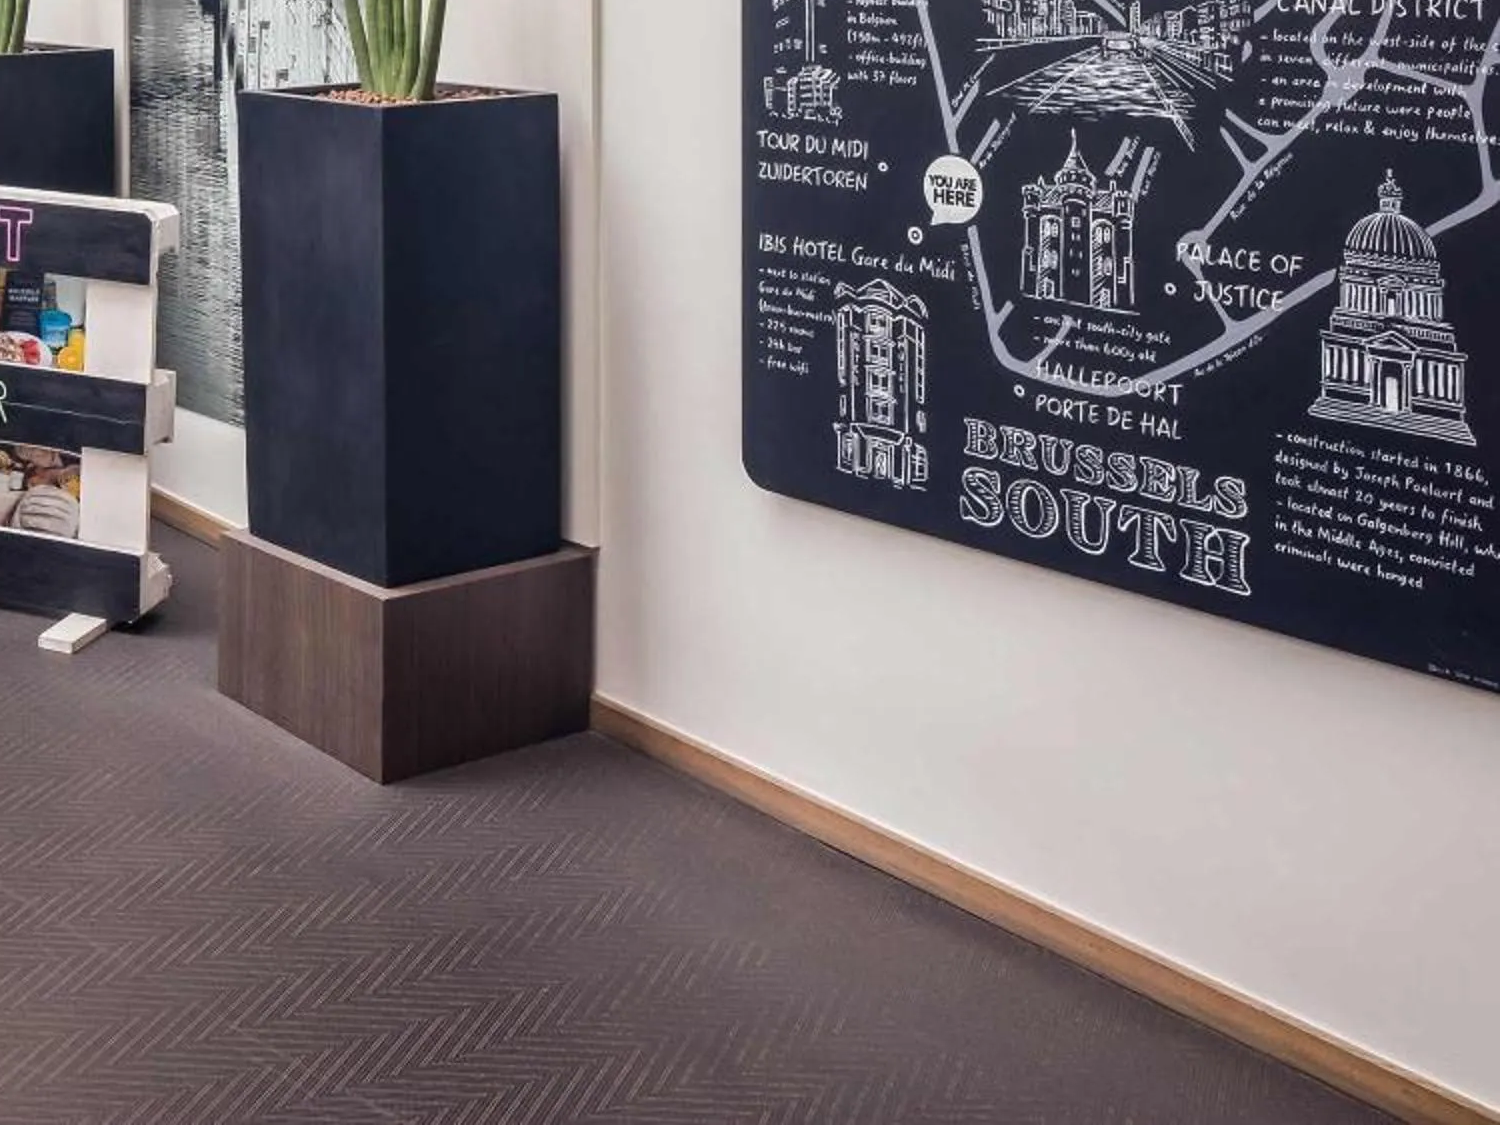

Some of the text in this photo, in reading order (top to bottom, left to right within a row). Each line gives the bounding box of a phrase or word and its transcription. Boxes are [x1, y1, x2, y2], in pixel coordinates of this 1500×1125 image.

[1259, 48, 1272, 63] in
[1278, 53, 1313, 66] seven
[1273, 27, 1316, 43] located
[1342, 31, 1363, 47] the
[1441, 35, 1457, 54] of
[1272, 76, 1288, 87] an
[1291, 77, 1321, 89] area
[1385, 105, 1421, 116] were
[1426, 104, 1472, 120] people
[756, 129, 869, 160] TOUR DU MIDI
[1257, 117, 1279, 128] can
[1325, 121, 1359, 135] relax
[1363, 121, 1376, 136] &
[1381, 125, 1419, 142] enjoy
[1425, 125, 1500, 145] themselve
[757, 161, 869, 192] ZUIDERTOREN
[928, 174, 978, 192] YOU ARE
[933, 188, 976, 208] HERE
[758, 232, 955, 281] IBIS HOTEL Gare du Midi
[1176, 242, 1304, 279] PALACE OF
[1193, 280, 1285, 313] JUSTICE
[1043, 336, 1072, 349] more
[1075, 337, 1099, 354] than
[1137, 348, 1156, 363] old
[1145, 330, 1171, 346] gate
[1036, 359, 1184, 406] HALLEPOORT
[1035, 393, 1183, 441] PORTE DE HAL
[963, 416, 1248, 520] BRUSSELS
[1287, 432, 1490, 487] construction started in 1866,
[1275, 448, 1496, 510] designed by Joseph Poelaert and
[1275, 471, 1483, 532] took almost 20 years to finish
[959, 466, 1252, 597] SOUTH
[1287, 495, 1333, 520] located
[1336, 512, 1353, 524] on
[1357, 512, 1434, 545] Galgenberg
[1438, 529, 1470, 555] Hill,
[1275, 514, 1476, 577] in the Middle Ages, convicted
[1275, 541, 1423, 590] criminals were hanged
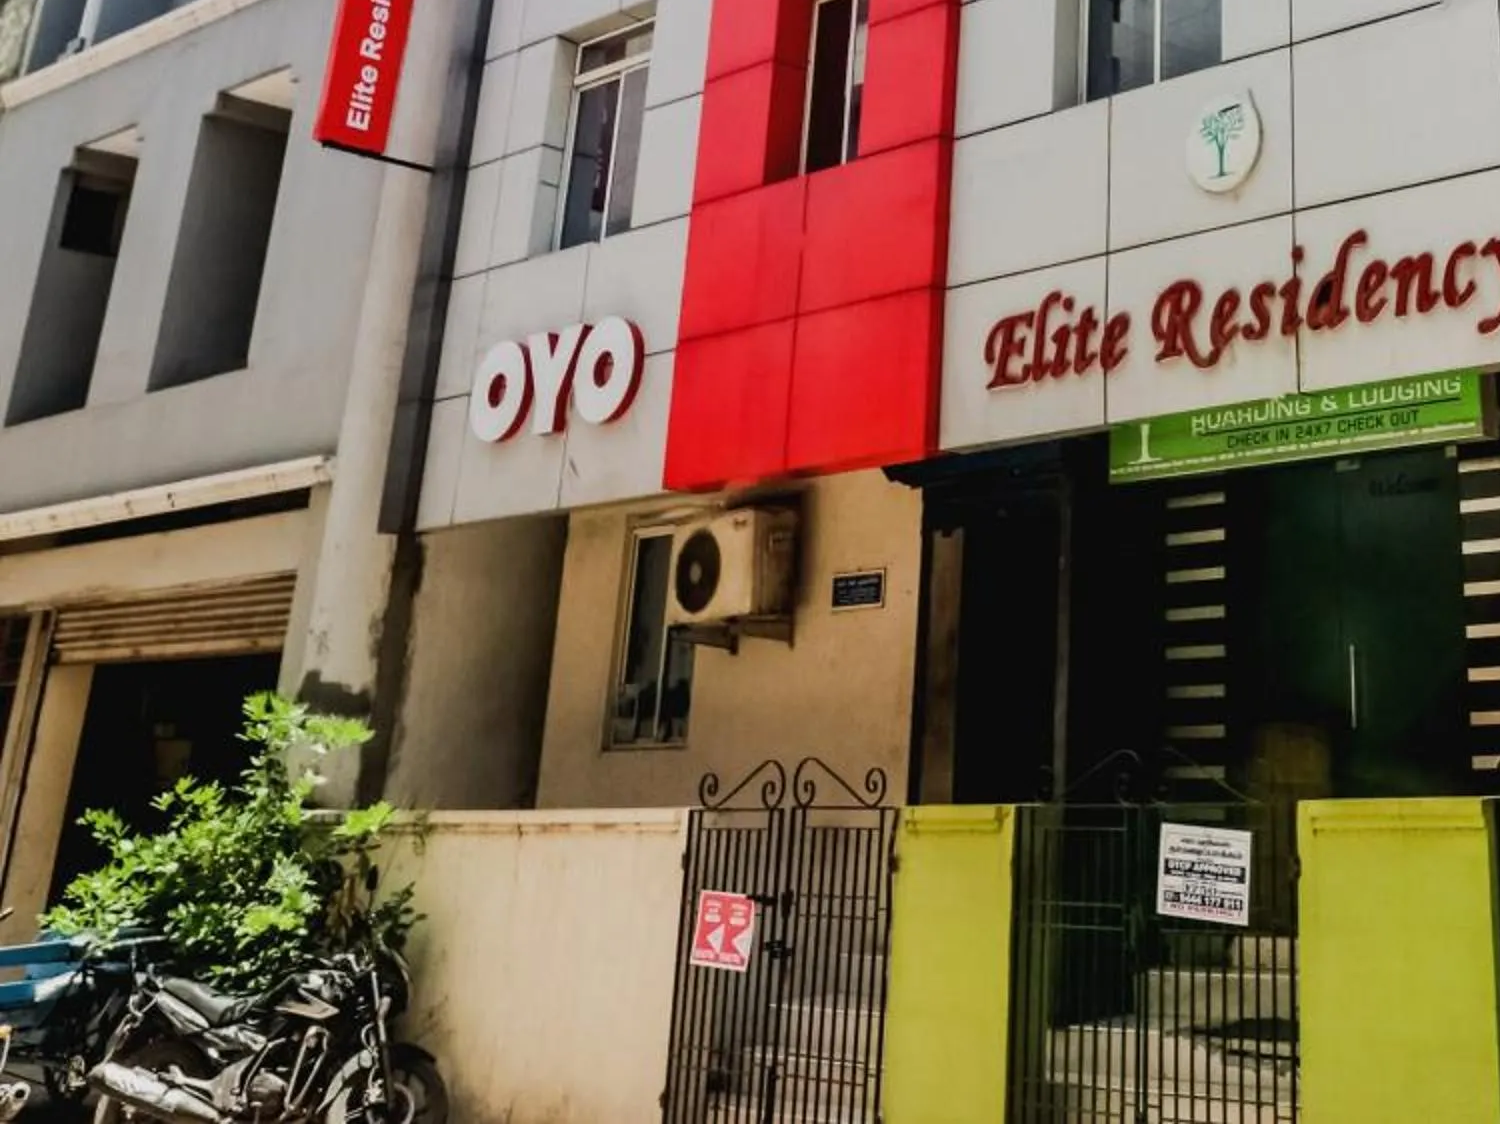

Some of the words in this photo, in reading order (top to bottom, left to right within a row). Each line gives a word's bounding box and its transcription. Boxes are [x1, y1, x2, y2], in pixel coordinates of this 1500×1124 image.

- - - -

* _Assignment_
Could you restate every record above word for word, dropping the pictures?

* _Written solution_
Some of the text in this photo, in reading order (top to bottom, left to right within a row). Each line gives the bounding box of a phrase or word and its transcription. Boxes are [x1, y1, x2, y2], in pixel coordinates of this 1500×1125 image.

[1259, 48, 1272, 63] in
[1278, 53, 1313, 66] seven
[1273, 27, 1316, 43] located
[1342, 31, 1363, 47] the
[1441, 35, 1457, 54] of
[1272, 76, 1288, 87] an
[1291, 77, 1321, 89] area
[1385, 105, 1421, 116] were
[1426, 104, 1472, 120] people
[756, 129, 869, 160] TOUR DU MIDI
[1257, 117, 1279, 128] can
[1325, 121, 1359, 135] relax
[1363, 121, 1376, 136] &
[1381, 125, 1419, 142] enjoy
[1425, 125, 1500, 145] themselve
[757, 161, 869, 192] ZUIDERTOREN
[928, 174, 978, 192] YOU ARE
[933, 188, 976, 208] HERE
[758, 232, 955, 281] IBIS HOTEL Gare du Midi
[1176, 242, 1304, 279] PALACE OF
[1193, 280, 1285, 313] JUSTICE
[1043, 336, 1072, 349] more
[1075, 337, 1099, 354] than
[1137, 348, 1156, 363] old
[1145, 330, 1171, 346] gate
[1036, 359, 1184, 406] HALLEPOORT
[1035, 393, 1183, 441] PORTE DE HAL
[963, 416, 1248, 520] BRUSSELS
[1287, 432, 1490, 487] construction started in 1866,
[1275, 448, 1496, 510] designed by Joseph Poelaert and
[1275, 471, 1483, 532] took almost 20 years to finish
[959, 466, 1252, 597] SOUTH
[1287, 495, 1333, 520] located
[1336, 512, 1353, 524] on
[1357, 512, 1434, 545] Galgenberg
[1438, 529, 1470, 555] Hill,
[1275, 514, 1476, 577] in the Middle Ages, convicted
[1275, 541, 1423, 590] criminals were hanged

Some of the words in this photo, in reading order (top to bottom, left to right within a row). Each line gives a word's bounding box and its transcription. Boxes are [x1, y1, x2, y2], in pixel coordinates of this 1500×1124 image.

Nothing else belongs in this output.